The international pig industry will be able to meet the global food demands of the growing population over the next 28 years and beyond, but it must address the issue of slaughtering capacity and look to transforming relationships between pig meat suppliers and retailers, according to former Pig International editor and respected industry observer Peter Best.
Best presented the Royal Agricultural College 100 Club's annual fellowship in pig research report, "Is the pig industry capable of meeting global food demands 2020/2030." He said world pig meat demand could grow by nearly 50 million metric tons in the next two decades, and international agencies see pig meat accounting for almost 155 metric tons of the 410 million metric tons of all meats required worldwide by 2030. Right now, three quarters of pig meat consumed worldwide is produced in China, Europe and the U.S.
“They are the top consumers and also the largest producers; each of them is virtually self-sufficient, or even a net exporter," said Best. "By 2020, the combined pig meat output of the Big Three could reach 100 million metric tons for the first time. “For the global pig industry to produce another 50 million metric tons by 2030 is achievable when judged entirely on technical considerations at pig-unit level, given the industry’s resources of genetics, feeds and management."
Best said he discovered "real optimism" in the pig industry, which he believes is more than ready to face up to the challenges of the future, but for world production to progress substantially, national pig industries that still include a large backyard portion must find a way of replacing those animal number quickly as the backyard disappear.
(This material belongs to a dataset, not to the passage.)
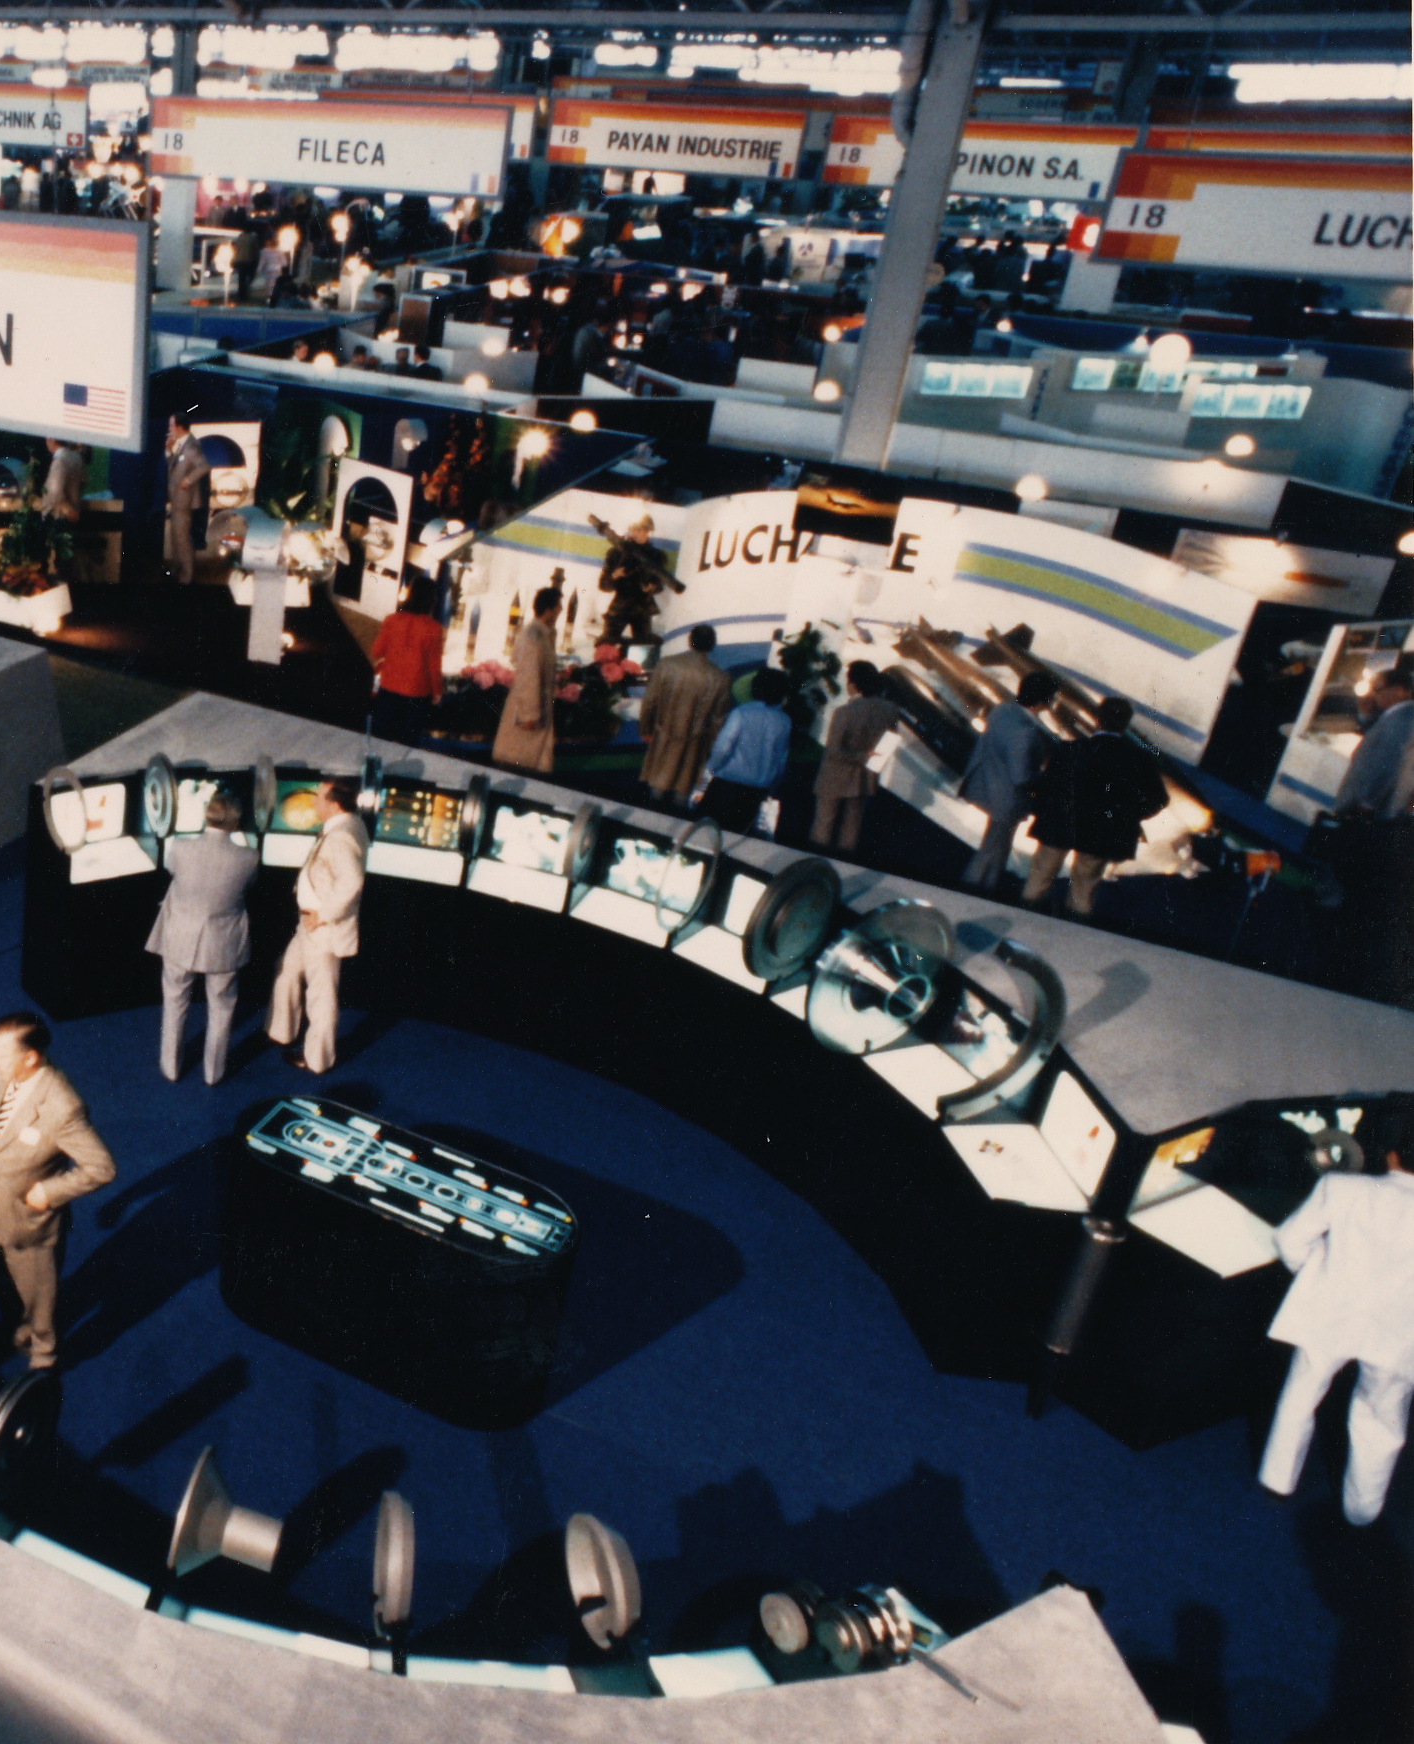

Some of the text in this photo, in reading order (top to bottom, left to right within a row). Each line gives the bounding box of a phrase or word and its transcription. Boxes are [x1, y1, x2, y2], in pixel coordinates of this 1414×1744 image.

Insufficient slaughter capacity could slow the rate at which pig production expands and will depress prices, he said. In addition, the relationship between pig meat suppliers and food retailers could be transformed as both segments consolidate and integrate, with producers and processors taking control of the retailing of their pig meat.
Overall, Best said the pig industry must strengthen its voice so that it can be heard at the highest levels when new international regulations or initiatives are discussed and, more locally, whenever there is an opportunity for constructive dialogue with consumers.